A. DES DIFFICULTÉS DE DÉFINITION

L’article 372-2 du code civil fonde la distinction entre les actes usuels et non usuels, en considérant que, « à l’égard des tiers de bonne foi, chacun des parents est réputé agir avec l’accord de l’autre, quand il fait seul un acte usuel de l’autorité parentale relativement à la personne de l’enfant ». A contrario, les actes non usuels requièrent l’accord des deux parents.
La distinction entre les actes usuels et non usuels consacrée par la loi est délicate car le législateur ne définit pas les critères permettant d’identifier clairement les uns et les autres.

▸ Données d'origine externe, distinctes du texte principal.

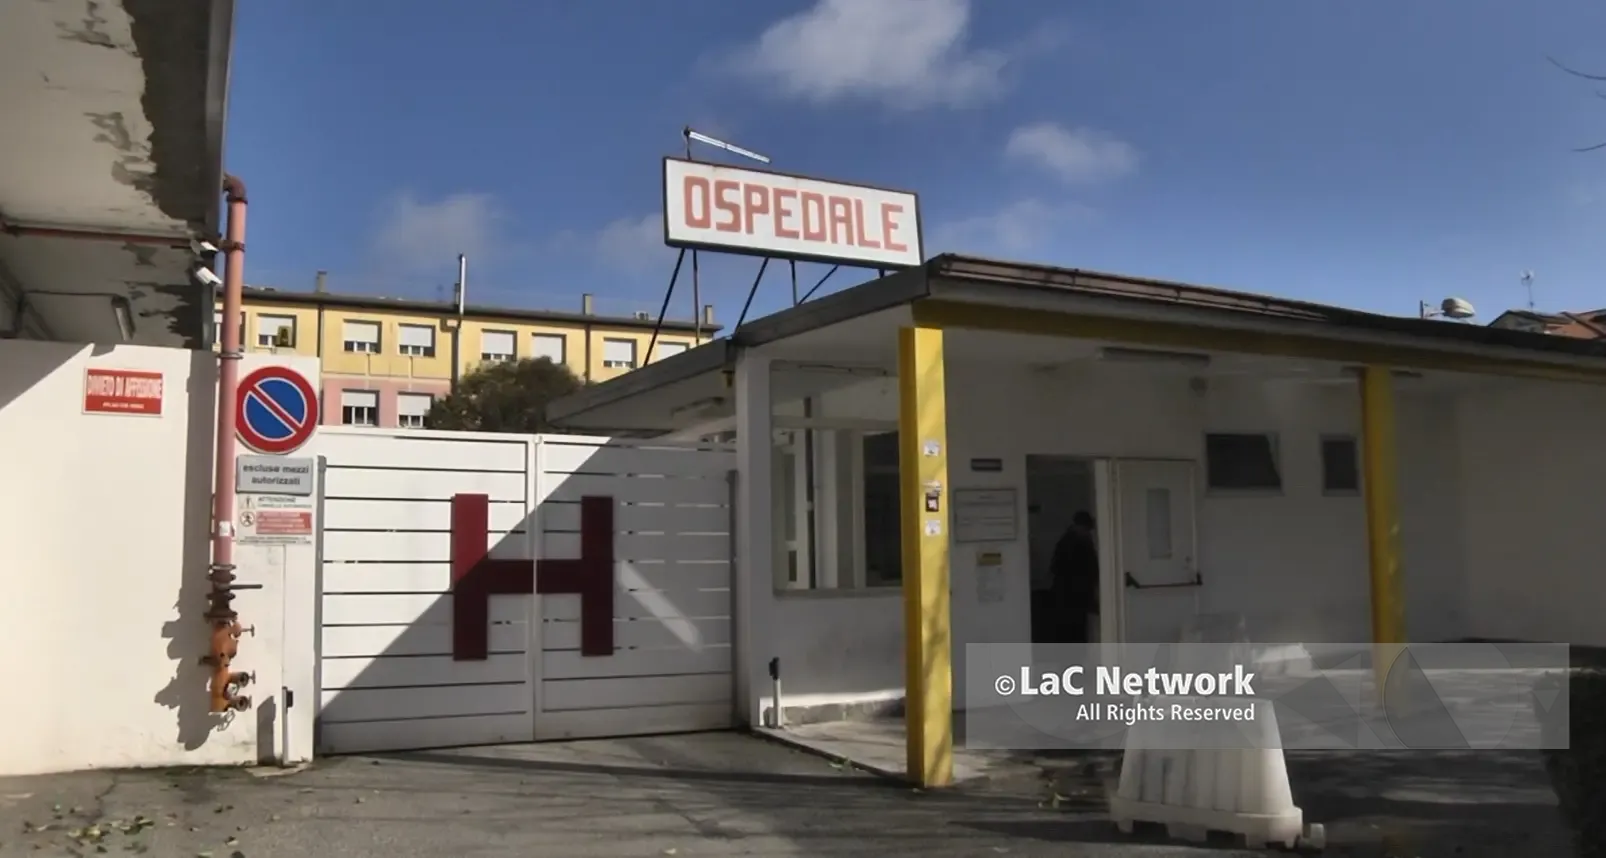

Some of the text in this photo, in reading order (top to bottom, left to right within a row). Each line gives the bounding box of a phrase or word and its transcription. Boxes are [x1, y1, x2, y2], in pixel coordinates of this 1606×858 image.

[684, 176, 907, 252] OSPEDALE
[282, 465, 309, 474] mezzi
[451, 494, 613, 661] H

Il est donc nécessaire de se référer à la jurisprudence.
Pour donner un seul exemple, la cour d’appel d’Aix-en-Provence considère que « les actes usuels peuvent être définis comme des actes de la vie quotidienne, sans gravité, qui n’engagent pas l’avenir de l’enfant, qui ne donnent pas lieu à une appréciation de principe essentielle et ne présentent aucun risque grave apparent pour l’enfant, ou encore, même s’ils revêtent un caractère important, des actes s’inscrivant dans une pratique antérieure non contestée » (1). Sont donc des actes usuels l’ensemble des décisions prises par les parents au quotidien dès lors qu’elles n’engagent pas l’avenir de l’enfant.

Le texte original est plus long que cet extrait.